Figure 4.

Impact of infarct size and complement activation on microgliosis and migration of neuronal progenitor cells after stroke. Mice subjected to MicroE stroke were treated with vehicle, t-PA, or B4Crry+t-PA at 2 h after emboli injection, and brains isolated 30 d later. A, Nissl-stained sections of brains from each group showing regions of neuronal loss. B, Quantification of lesion volume across four groups. C, D, Quantification of mean intensity of C3d deposition and Mac2⁺ cells in the perilesional brain. One-way ANOVA with Bonferroni. N = 5/group; *p < 0.05, **p < 0.01. E, Multivariate linear regression model predicting the density of Mac2⁺ cells using C3d deposition and infarct volume as co-variates. Pearson's correlation R² = 0.65, p < 0.0001. N = 20. F, Representative fields of perilesional brains quantified in C, D showing C3d (green) and MAC2 (red) staining.

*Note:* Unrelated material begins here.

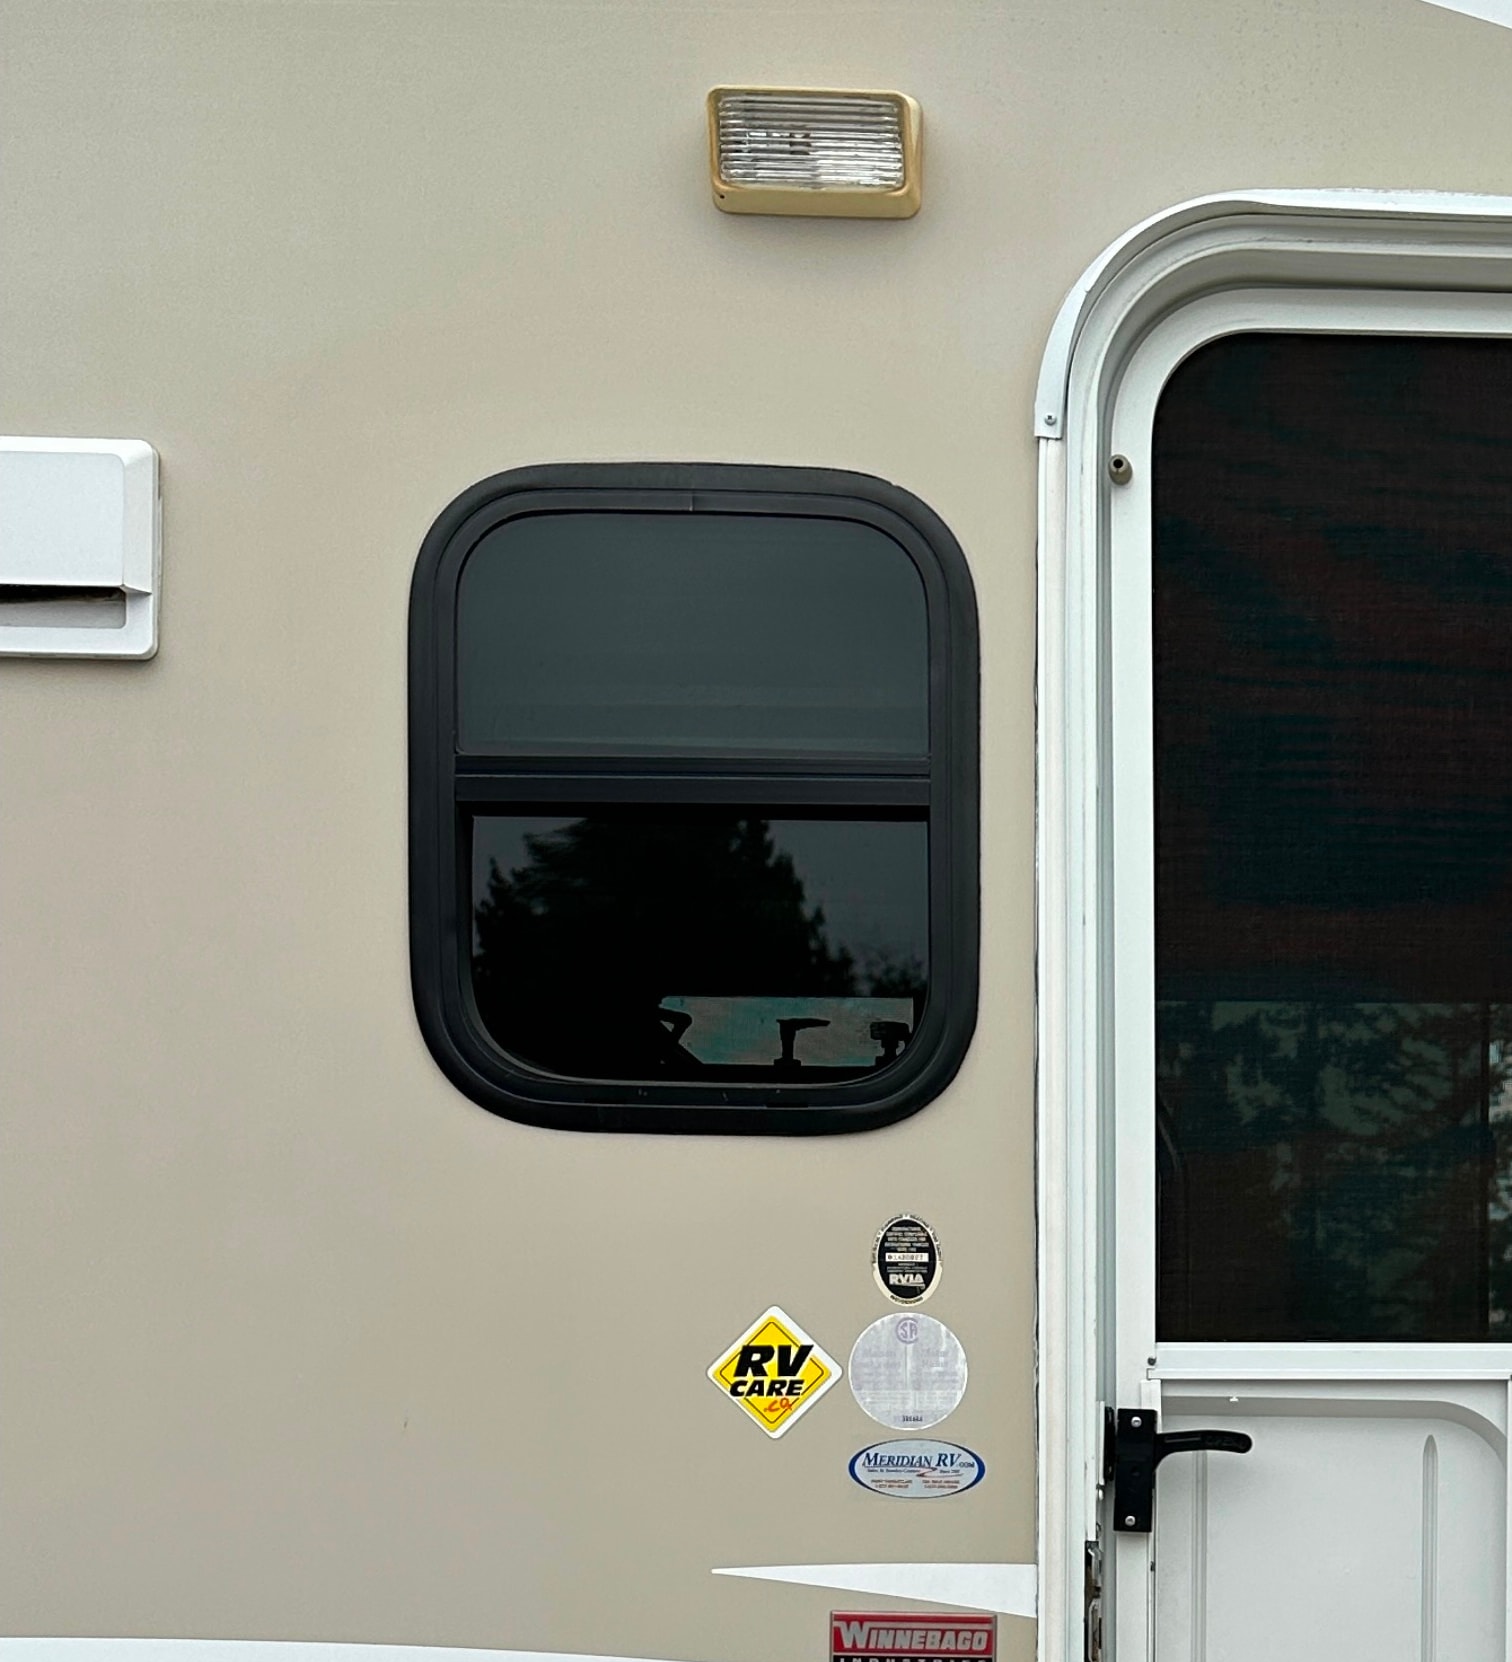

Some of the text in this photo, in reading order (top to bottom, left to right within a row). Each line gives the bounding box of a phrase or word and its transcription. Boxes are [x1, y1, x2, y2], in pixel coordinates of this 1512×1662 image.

G, IF staining of Dcx⁺ (red) and Iba1⁺ (green) cells, with DAPI staining (blue), in the perilesional brain at 30 d after MicroE. Left panels show the stereotactic locations from which random fields were chosen. H, I, Quantification of G. One-way ANOVA with Bonferroni. N = 5/group; *p < 0.05, **p < 0.01. Bars = mean ± SEM. All pair wise comparisons within rehab and no rehab groups were performed, only results that are significant are highlighted with *. Comparisons were also made within each treatment group comparing rehab to no rehab, and significant findings are highlighted by the $ sign.